### Directions for this task
Please retype the records below exactly, leaving out any pictures.

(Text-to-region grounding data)
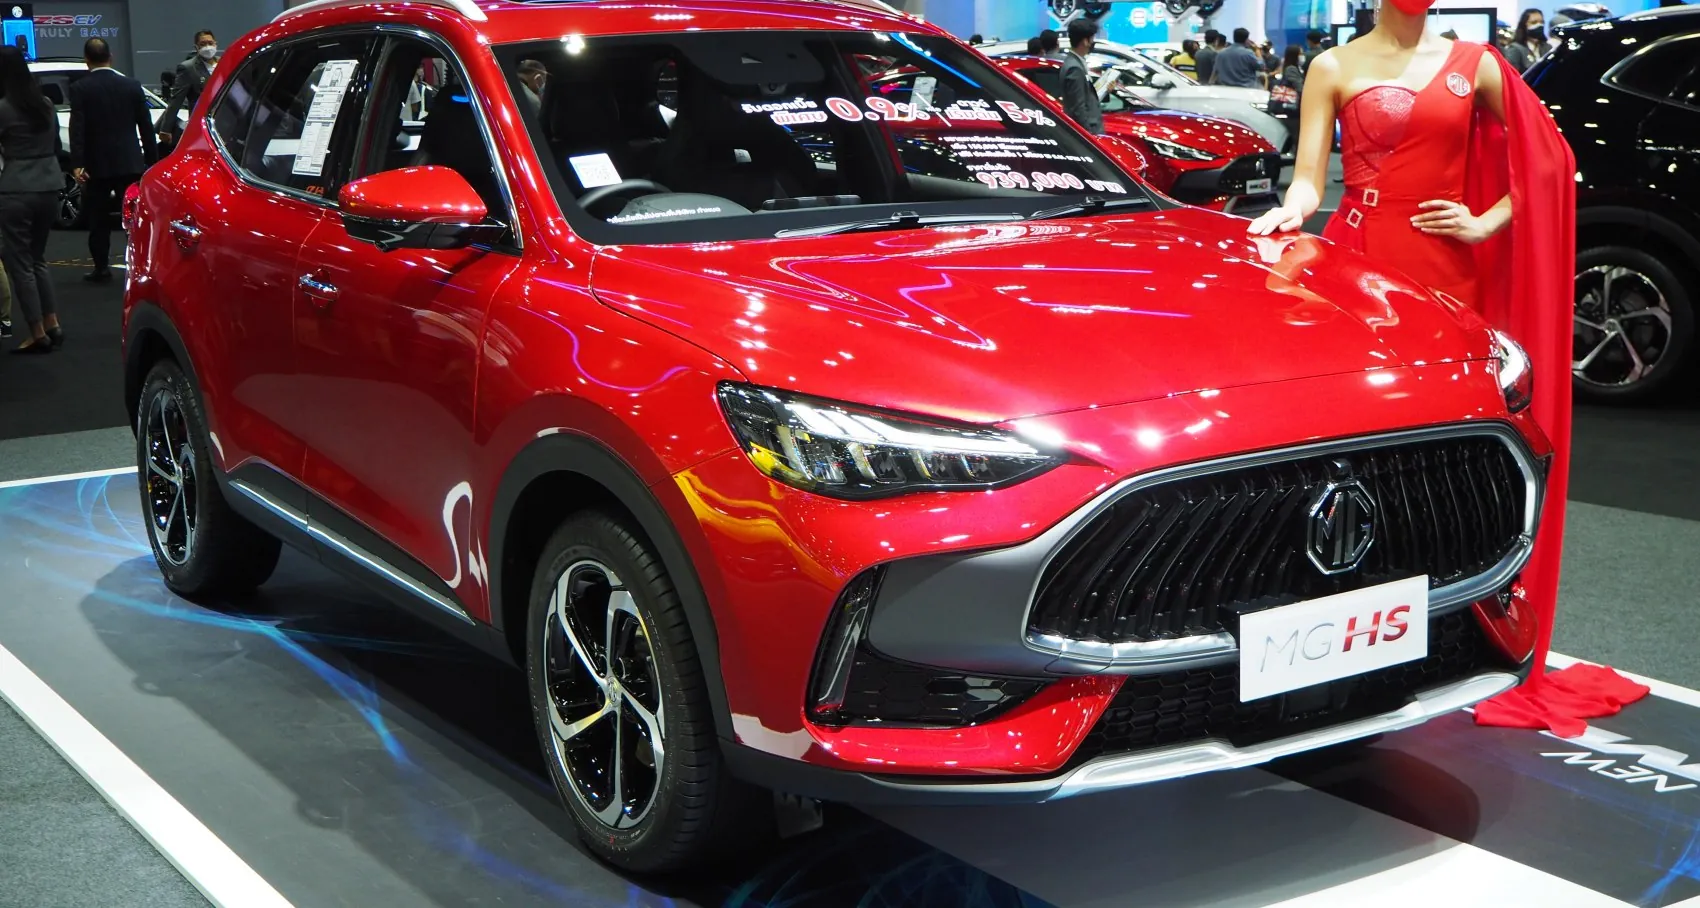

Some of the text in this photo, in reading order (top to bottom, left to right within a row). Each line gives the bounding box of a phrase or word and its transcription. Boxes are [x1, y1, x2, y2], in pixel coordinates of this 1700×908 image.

[80, 28, 119, 37] EASY
[826, 96, 931, 122] 0.9%
[995, 100, 1056, 127] 5%
[976, 172, 1084, 191] 939,000
[1315, 490, 1372, 566] MG
[1261, 605, 1411, 673] MG HS
[1539, 752, 1698, 793] NEW

### Result for this task
Some of the text in this photo, in reading order (top to bottom, left to right within a row). Each line gives the bounding box of a phrase or word and its transcription. Boxes are [x1, y1, x2, y2], in pixel coordinates of this 1700×908 image.

[80, 28, 119, 37] EASY
[826, 96, 931, 122] 0.9%
[995, 100, 1056, 127] 5%
[976, 172, 1084, 191] 939,000
[1315, 490, 1372, 566] MG
[1261, 605, 1411, 673] MG HS
[1539, 752, 1698, 793] NEW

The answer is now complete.